The progressive “religion” we see in the streets is an outgrowth of the old faith. Its values are not repudiations of the old world, the way that the Beatitudes so directly contradicted the pagan ethos. Instead its commitments are morbid, or exaggerated — the Christian virtues set loose from one another to run wild. It demands reconciliation, but lacks forgiveness. It demands equality, but overlooks virtue and moderation. It puts a victim at the heart of the social order, but the reign is not one of peace. In some cases, this movement is an elaboration of existing American civic religion. Some of it clearly comes out of, harkens back to, and tries to recreate the spirit of the black Church during the civil-rights movement. In this way, it fills a gap in a culture that is increasingly unchurched.
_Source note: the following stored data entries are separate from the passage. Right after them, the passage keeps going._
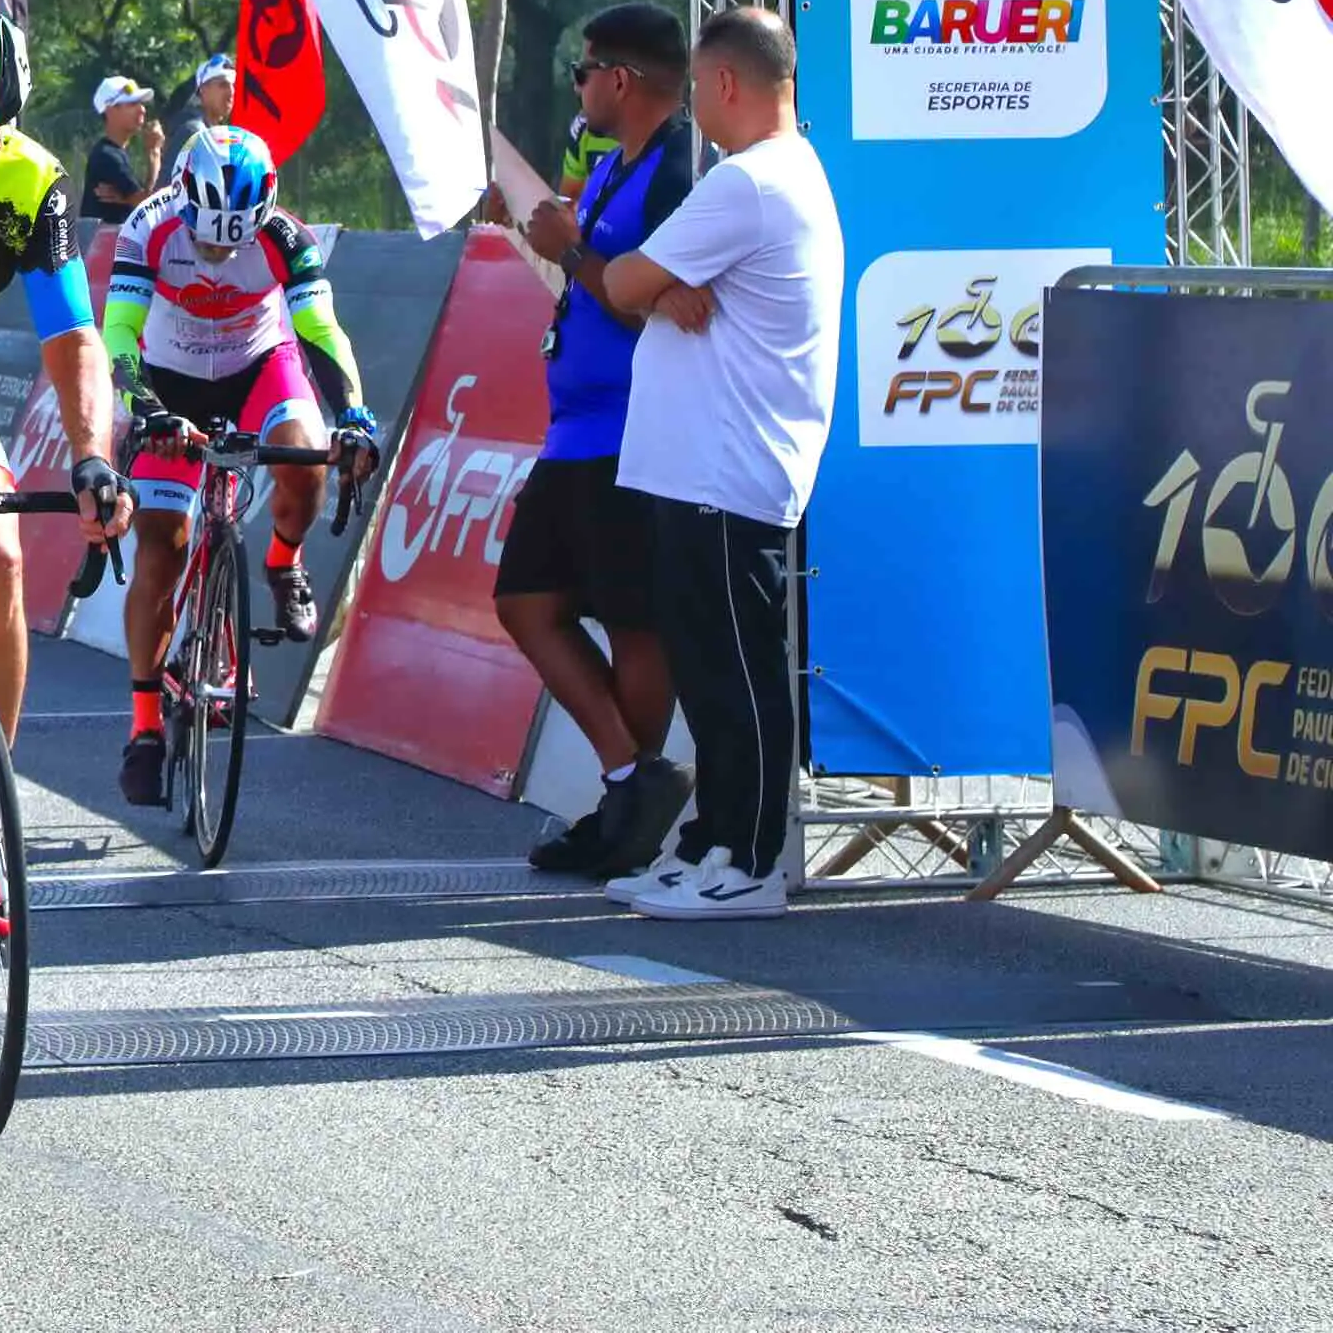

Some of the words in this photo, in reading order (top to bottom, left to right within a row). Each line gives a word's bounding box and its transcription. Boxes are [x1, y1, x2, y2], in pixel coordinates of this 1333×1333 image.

[884, 46, 910, 55] UMA
[914, 45, 959, 55] CIDADE
[964, 45, 997, 55] FEITA
[1001, 45, 1024, 55] PRA
[928, 82, 1010, 94] SECRETARIA
[1013, 81, 1032, 93] DE
[927, 95, 1031, 111] ESPORTES
[211, 213, 244, 243] 16
[884, 370, 1000, 414] FPC
[996, 400, 1014, 413] DE
[1130, 645, 1293, 779] FPC
[1285, 752, 1312, 786] DE
There is, however, another half of the story, because the protest movement is also a demotic reaction to a political culture that is in plenty of respects undemocratic. Many of the “reforms” progressives now propose are meant to stack the deck in their favor by changing the constitutional structure of the American political system — e.g., to blunt the strength the Electoral College gives rural states, or to weaken the power of Republicans in the Senate. But their belief that the system lacks democratic legitimacy may not be due entirely to its constitutionally enshrined counter-majoritarian features.
Instead, much of what this movement resents and opposes as an offense to democracy is the result of a political conversation dominated by policy wonks, technocrats, and “experts.”